Now the County Commission wants to see that they are implemented and educate the public about what they mean.
"I think that's going to be the big thing for 2007," Commission Chairman Bob Johnson said. "We need to effectively communicate to people what they are."
Commissioner Jere McElhaney agreed but said the regulations still might need some tweaking.
"Just because we have it on paper doesn't mean it is all going to be practical," McElhaney said. "Next year we will do some fine-tuning."
Commissioner Charles Jones was on vacation and unavailable for comment, but commissioners were unanimous in adopting the new regulations.
They also convinced the Lawrence City Commission to join them in approving the complex package of documents, which has been under revision for months. Both commissions likely will review the new regulations and their effectiveness as 2007 progresses.
A major provision of the new regulations eliminates what was known as the "5-acre exemption," which allowed at least 5 acres to be developed without going through the planning process.

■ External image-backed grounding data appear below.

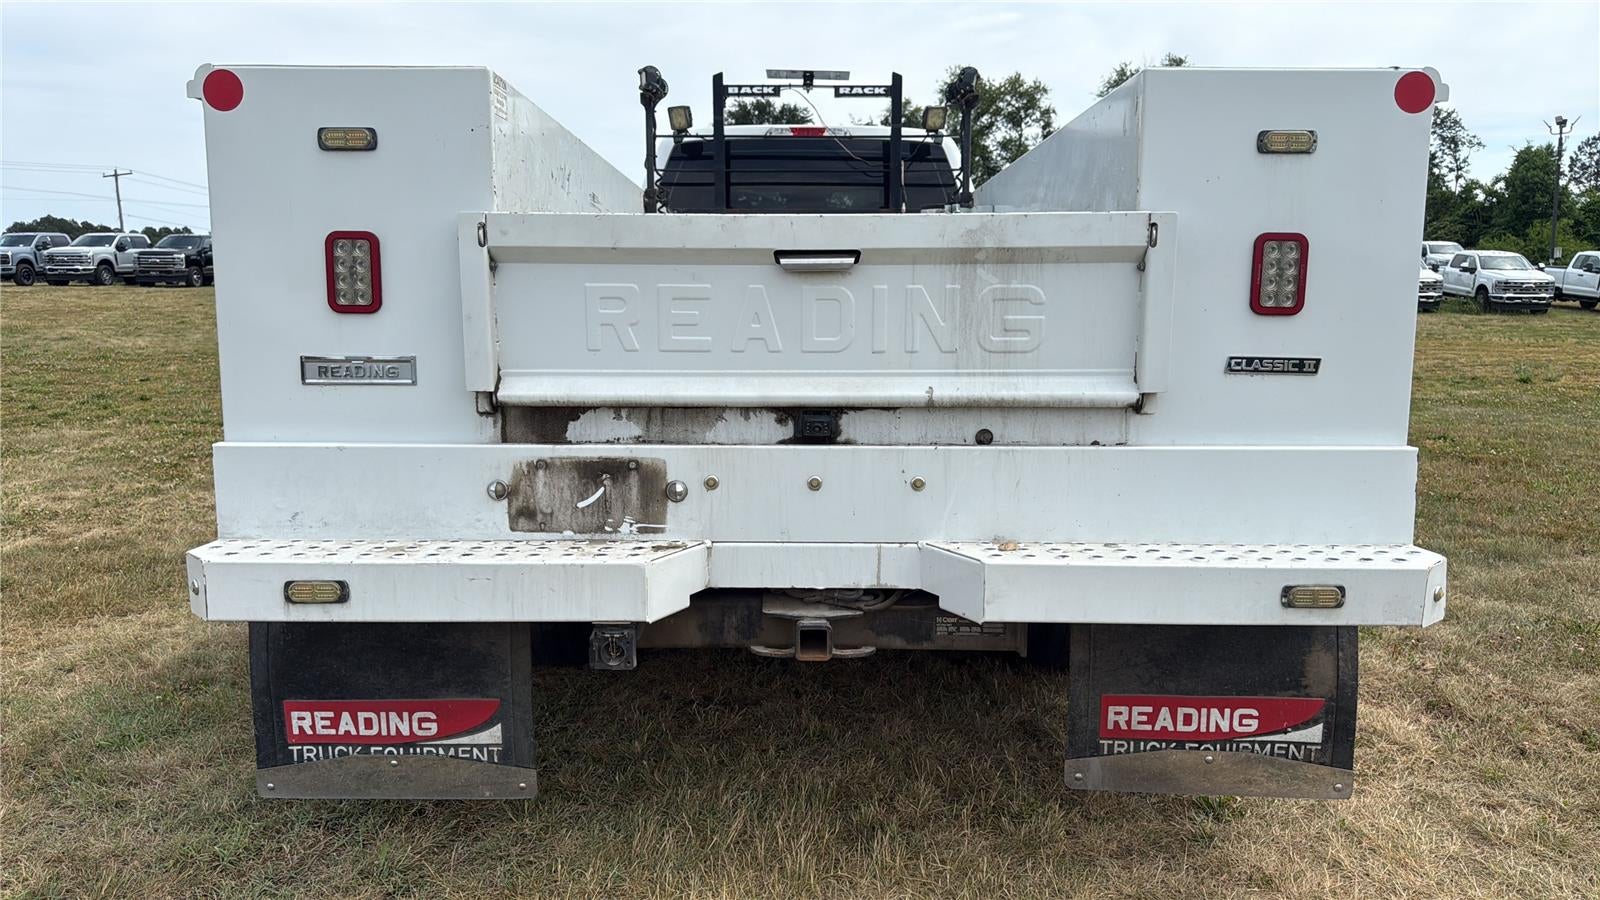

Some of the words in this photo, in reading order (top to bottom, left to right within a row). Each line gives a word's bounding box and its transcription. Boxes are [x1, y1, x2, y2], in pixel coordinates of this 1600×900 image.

[727, 86, 775, 94] BACK
[838, 87, 888, 95] RACK
[584, 283, 1046, 353] READING
[317, 365, 400, 378] READING
[1230, 359, 1300, 372] CLASSIC
[1303, 360, 1317, 372] II
[290, 711, 438, 737] READING
[1107, 705, 1260, 733] READING

Now, all new homes in the rural parts of the county must go through administrative approval by the Lawrence-Douglas County Planning Department. The intent is to make it easier for areas to be annexed into the city when that time comes.

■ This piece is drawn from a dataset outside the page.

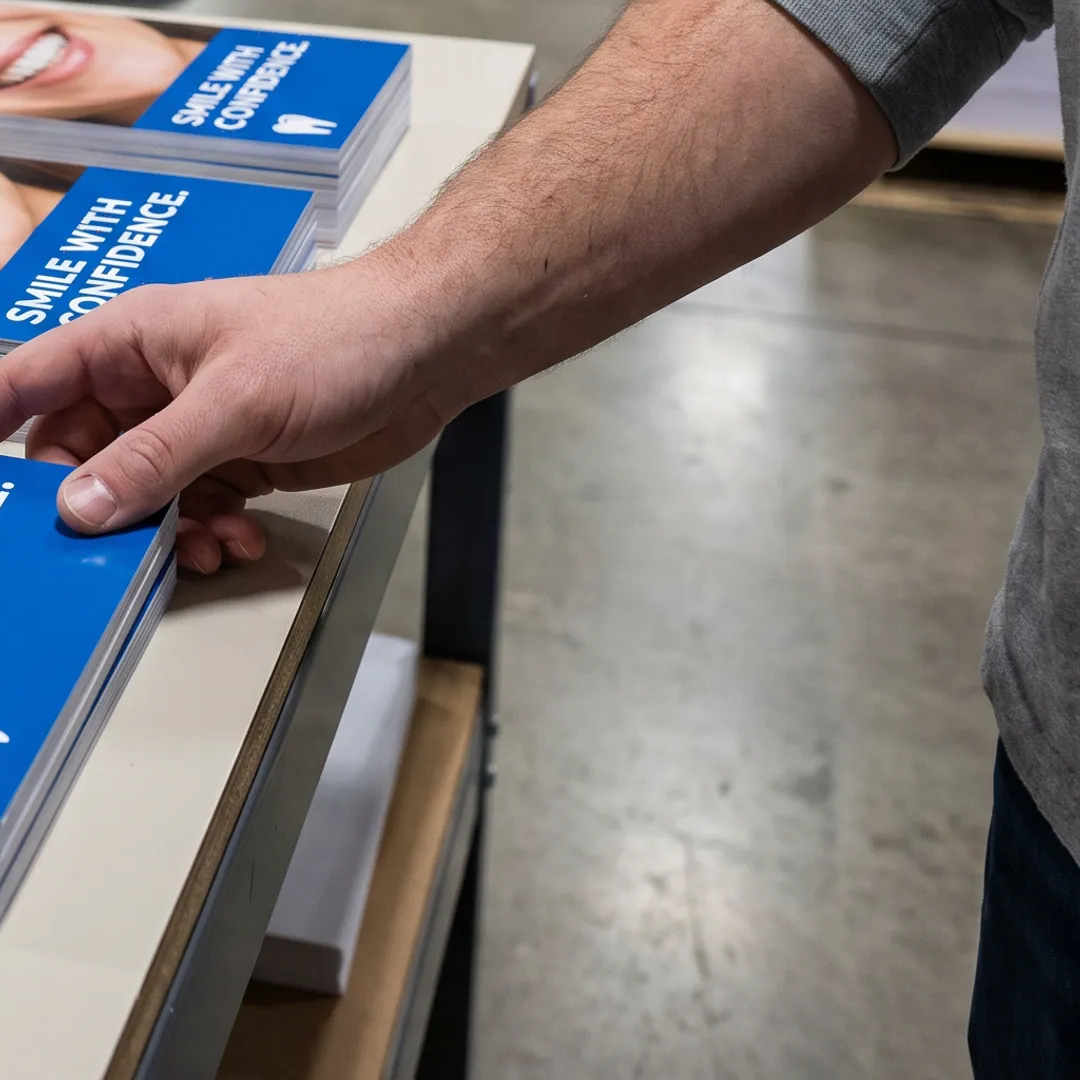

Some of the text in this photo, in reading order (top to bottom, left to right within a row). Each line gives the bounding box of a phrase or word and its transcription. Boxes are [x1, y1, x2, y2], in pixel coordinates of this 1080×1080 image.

But the regulations are complex, and commissioners say they plan to have educational sessions for the public during the year.
Rural roads are likely to be another key topic in 2007, Johnson said.
Some rural roads are maintained by townships, while others are handled by the county's Public Works Department. Johnson thinks it might make sense to have the roads under a single management system.
"Whether we will be able to move on an organizational change, I'm not sure, but I think it is something we will look at long and hard, and study and figure out what our options are," Johnson said.
McElhaney said it would be important for commissioners to continue to monitor the status of the unfinished eastern leg of the South Lawrence Trafficway. He noted a majority of the commission favored the 32nd Street route north of the Wakarusa River.
"It's in the federal government's hands now, but we want them to know how we stand," McElhaney said, adding that the county's road department was ready to take on other trafficway-related road maintenance responsibilities.
McElhaney also expects the commission to continue what he called "a fantastic relationship" with its cities and townships.
"The County Commission is pretty accessible," he said. "We're all in this together."